O Senado Federal aprovou diversas propostas que buscam melhorar o acesso ao mercado de trabalho e ampliar os direitos dos trabalhadores. Entre as iniciativas destacadas está a ampliação da licença-paternidade, um tema debatido no Congresso Nacional há quase 20 anos. A proposta, que se transformou na Lei 15.371, de 2026, foi relatada pela senadora Ana Paula Lobato (PSB-MA) e teve sua origem em um projeto de lei apresentado pela ex-senadora Patrícia Saboya (CE) em 2007, que foi aprovado em 2008 e, após um longo período, retornou ao Senado com um substitutivo aprovado pela Câmara dos Deputados.

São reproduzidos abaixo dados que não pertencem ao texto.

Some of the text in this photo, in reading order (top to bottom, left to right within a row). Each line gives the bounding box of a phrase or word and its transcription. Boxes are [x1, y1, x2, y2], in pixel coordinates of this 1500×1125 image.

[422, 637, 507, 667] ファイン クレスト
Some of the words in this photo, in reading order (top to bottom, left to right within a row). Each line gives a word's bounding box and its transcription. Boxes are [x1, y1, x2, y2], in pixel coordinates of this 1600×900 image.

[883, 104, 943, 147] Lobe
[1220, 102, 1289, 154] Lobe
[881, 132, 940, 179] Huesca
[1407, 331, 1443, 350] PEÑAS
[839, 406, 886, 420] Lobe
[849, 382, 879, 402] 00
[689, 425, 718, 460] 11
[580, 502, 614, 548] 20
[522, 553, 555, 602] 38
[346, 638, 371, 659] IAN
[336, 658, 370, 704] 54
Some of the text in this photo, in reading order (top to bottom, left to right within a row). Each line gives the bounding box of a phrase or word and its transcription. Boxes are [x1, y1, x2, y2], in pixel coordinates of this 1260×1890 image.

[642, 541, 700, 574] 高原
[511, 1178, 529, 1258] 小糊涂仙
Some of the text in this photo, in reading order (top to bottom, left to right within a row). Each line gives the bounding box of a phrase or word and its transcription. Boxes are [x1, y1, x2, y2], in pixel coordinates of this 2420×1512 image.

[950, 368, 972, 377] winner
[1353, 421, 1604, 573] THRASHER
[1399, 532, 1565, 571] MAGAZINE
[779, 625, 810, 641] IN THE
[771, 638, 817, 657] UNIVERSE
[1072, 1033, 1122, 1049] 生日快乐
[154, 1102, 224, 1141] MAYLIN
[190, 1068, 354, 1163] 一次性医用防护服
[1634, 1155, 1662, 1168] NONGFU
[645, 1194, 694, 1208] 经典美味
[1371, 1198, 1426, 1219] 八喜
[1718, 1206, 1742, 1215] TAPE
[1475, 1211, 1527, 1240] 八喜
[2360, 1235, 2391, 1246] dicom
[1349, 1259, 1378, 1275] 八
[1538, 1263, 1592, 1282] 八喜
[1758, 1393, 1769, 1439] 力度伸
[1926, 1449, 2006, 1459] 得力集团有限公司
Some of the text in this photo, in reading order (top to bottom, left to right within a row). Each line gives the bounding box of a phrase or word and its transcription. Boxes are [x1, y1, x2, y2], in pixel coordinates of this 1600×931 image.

Com a nova legislação, a licença-paternidade, que atualmente é de cinco dias, será gradualmente ampliada. A partir de 1º de janeiro de 2027, o período passará para 10 dias, em 1º de janeiro de 2028 será de 15 dias, e, finalmente, em 1º de janeiro de 2029, chegará a 20 dias. Esse benefício será garantido sem prejuízo do emprego e do salário nos casos de nascimento de filho, adoção ou guarda judicial para fins de adoção de crianças ou adolescentes.
Outra importante inovação prevista pela nova lei é a criação do salário-paternidade, que prevê reembolso às empresas pelo Instituto Nacional do Seguro Social (INSS). O texto também estabelece regras específicas para microempresas, trabalhadores avulsos e empregados de microempreendedor individual (MEI). Além disso, a ampliação do afastamento em casos de parto antecipado, internação da mãe ou do recém-nascido e falecimento da mãe também está contemplada na legislação.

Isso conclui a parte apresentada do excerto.